Boolean Algebra

1. In Boolean algebra, "1" represents:

a)  Any true statement

b)  A high voltage level

c)  Any false statement

d)  A low voltage level

Answer:  a) Any true statement

Explanation: In Boolean algebra, 1 represents any logical TRUE statement, often associated with a high voltage level in digital circuits.

2. The distributive property of Boolean algebra states:

a)  A + (B ∨ C) = (A + B) ∨ (A + C)

b)  A ∧ (B ∨ C) = (A ∧ B) ∨ (A ∧ C)

c)  A ∨ (B ∧ C) = (A ∨ B) ∧ (A ∨ C)

d)  ¬(A ∧ B) = ¬A ∧ ¬B

Answer:  b) A ∧ (B ∨ C) = (A ∧ B) ∨ (A ∧ C)

Explanation: This property allows us to simplify expressions involving AND (∧) and OR (∨) operations.

3. The complement of the expression A ∨ ¬B is:

a)  A ∧ B

b)  ¬(A ∨ ¬B)

c)  ¬A ∧ B

d)  A ∧ ¬B

Answer:  c) ¬A ∧ B

Explanation: The complement of an expression is obtained by inverting all its literals (variables or their negations).

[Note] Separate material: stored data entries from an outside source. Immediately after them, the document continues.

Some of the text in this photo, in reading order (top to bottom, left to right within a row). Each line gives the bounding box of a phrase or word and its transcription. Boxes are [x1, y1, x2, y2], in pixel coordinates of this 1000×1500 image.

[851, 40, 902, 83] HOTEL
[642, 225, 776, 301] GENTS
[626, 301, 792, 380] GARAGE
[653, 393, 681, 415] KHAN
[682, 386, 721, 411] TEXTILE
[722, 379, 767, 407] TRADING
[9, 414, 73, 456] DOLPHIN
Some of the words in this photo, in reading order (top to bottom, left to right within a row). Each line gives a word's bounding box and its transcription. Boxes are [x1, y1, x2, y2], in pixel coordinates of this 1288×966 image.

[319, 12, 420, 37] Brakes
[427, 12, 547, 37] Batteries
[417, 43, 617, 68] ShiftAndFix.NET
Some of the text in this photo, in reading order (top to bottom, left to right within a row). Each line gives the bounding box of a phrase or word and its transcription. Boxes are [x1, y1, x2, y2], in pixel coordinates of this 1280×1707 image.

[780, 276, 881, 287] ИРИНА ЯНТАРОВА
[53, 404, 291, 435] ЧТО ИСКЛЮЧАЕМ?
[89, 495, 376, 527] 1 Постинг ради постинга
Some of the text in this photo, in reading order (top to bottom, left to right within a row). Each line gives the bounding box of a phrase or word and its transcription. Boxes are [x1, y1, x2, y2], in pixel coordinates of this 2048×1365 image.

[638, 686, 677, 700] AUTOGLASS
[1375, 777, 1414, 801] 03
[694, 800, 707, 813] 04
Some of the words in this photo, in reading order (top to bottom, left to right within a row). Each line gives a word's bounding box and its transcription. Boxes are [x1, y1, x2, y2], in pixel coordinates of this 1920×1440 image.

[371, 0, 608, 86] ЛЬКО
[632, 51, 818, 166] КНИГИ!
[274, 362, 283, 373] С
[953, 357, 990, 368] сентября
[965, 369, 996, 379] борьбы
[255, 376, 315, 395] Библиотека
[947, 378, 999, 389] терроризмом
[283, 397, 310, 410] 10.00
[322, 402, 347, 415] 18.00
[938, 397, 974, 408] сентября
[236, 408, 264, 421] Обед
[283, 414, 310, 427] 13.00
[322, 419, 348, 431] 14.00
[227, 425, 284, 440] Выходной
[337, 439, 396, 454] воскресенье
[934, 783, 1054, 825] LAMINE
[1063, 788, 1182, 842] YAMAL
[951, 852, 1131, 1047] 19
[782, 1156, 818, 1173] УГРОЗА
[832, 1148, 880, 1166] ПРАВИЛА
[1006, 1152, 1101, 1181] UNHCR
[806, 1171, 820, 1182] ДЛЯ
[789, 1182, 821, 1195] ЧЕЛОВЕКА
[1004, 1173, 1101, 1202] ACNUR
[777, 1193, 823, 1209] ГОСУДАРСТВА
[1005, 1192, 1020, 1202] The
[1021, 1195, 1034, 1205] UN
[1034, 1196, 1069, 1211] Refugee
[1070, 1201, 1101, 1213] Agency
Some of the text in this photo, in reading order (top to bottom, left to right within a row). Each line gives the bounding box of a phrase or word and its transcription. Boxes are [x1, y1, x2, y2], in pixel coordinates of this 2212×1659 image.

4. The simplified form of A ∧ (A ∨ B) is:

a)  A

b)  B

c)  A ∨ B

d)  1

Answer:  a)  A

Explanation: Using the absorption property, A ∧ (A ∨ B) = A.

5. Which of the following is NOT a valid Boolean operator?

a)  ∧ (AND)

b)  ¬ (NOT)

c)  ⊕ (XOR)

d)  + (OR)

Answer:  None of the above (All options are valid Boolean operators).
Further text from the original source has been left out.